Georgia now leads the series 58-56-8.
These two started playing football back in 1892 in Atlanta’s Piedmont Park. Georgia and Auburn got it started down here. It’s the deep south’s oldest continuous rivalry, The only interruptions in the rivalry in the 20th century came during World War I, in 1917 and 1918, and World War II, in 1943.
There is so much venom between Auburn and Alabama, Georgia and Tech and Georgia and Florida. There are so many cross connections and ties between the Bulldogs and Tigers.

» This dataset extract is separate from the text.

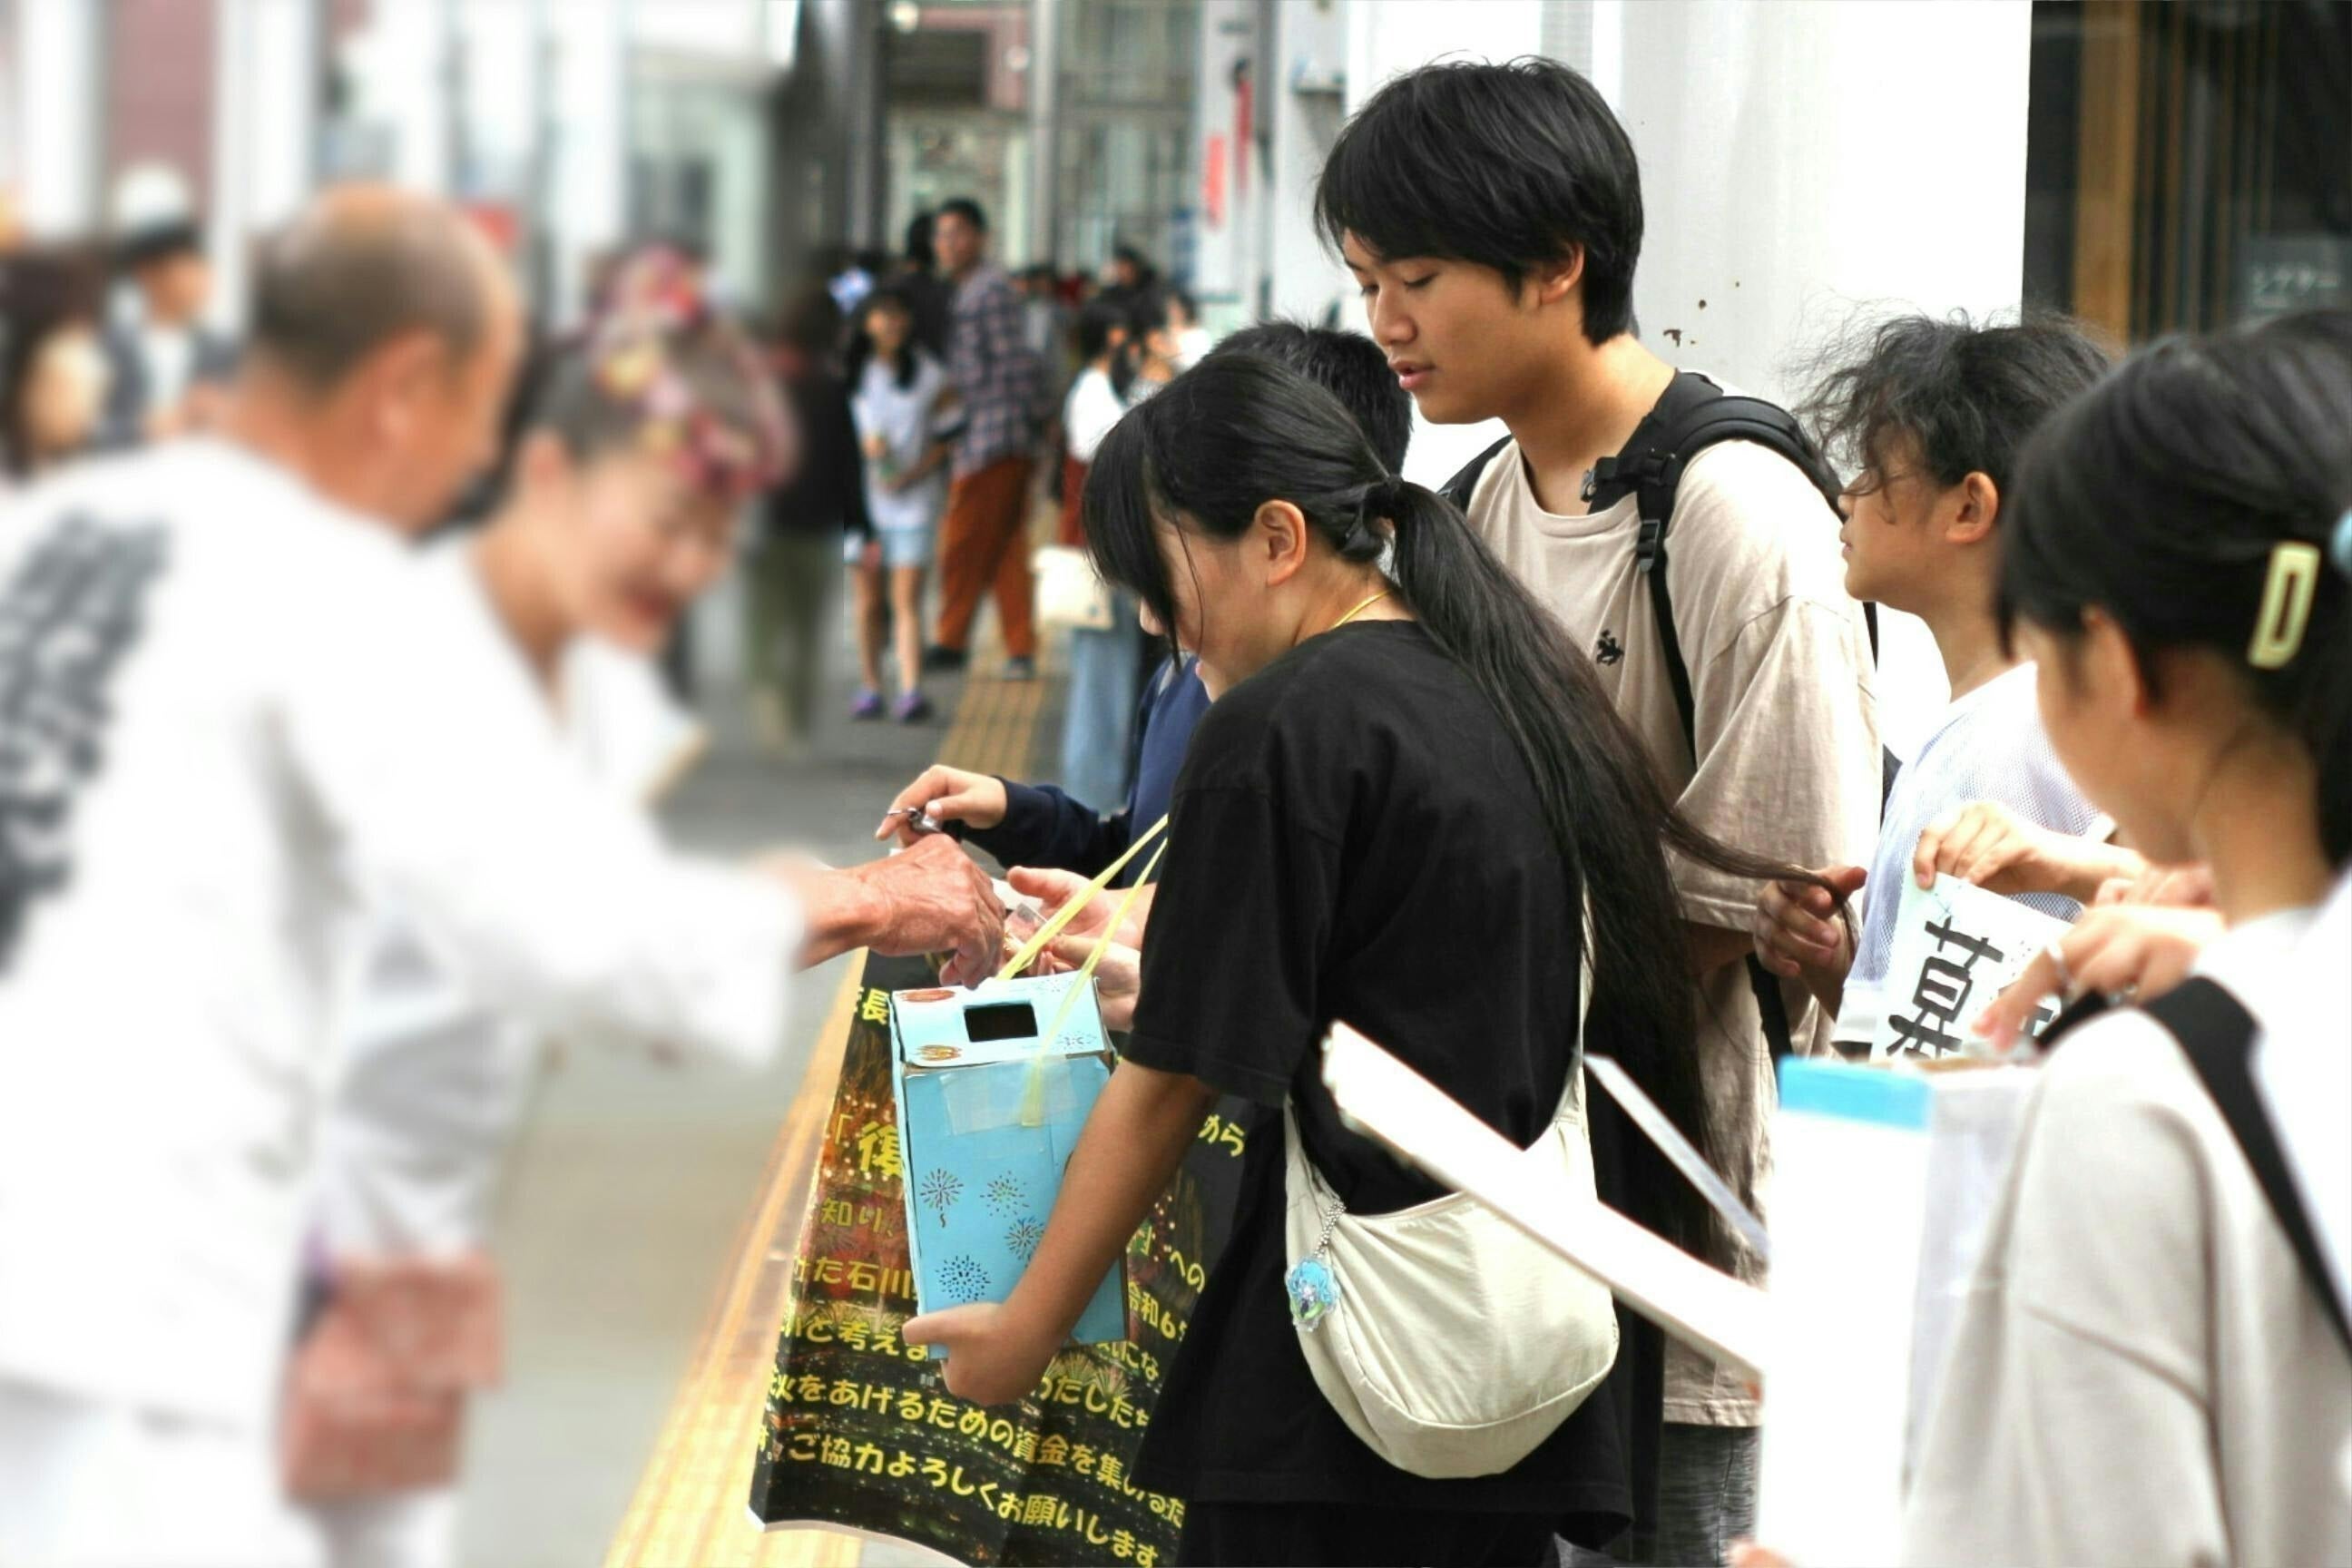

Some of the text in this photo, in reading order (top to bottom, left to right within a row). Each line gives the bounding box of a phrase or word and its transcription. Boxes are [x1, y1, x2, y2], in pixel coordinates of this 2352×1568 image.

Dye helped Georgia to the 1959 SEC title and blocked Tech’s PAT in the 7-6 win in 1960. Auburn’s legendary football coach Ralph “Shug” Jordan, for whom the stadium is partially named, was an assistant football coach and head basketball coach at Georgia. He shared an office with Dan Magill, the Greatest Bulldog Ever. Vince Dooley, Erk Russell and Joel Eaves all came to Georgia from Auburn. In fact, Dooley, a Jordan protégé, who led Georgia to six championships, clinched five of those titles on the Plains.
Still though, despite those connections, don’t mistake this as that impossible “friendly” rivalry. It’s friendlier perhaps. But these two are bitter recruiting rivals and Auburn always is at work trying to raid the state for elite Peach State prep talent. And there is all that history.
It would have been hard to imagine, 30 years ago, beating Auburn 10 of 13 times. Now it’s up to these Bulldogs to keep this ancient series trending Georgia’s way.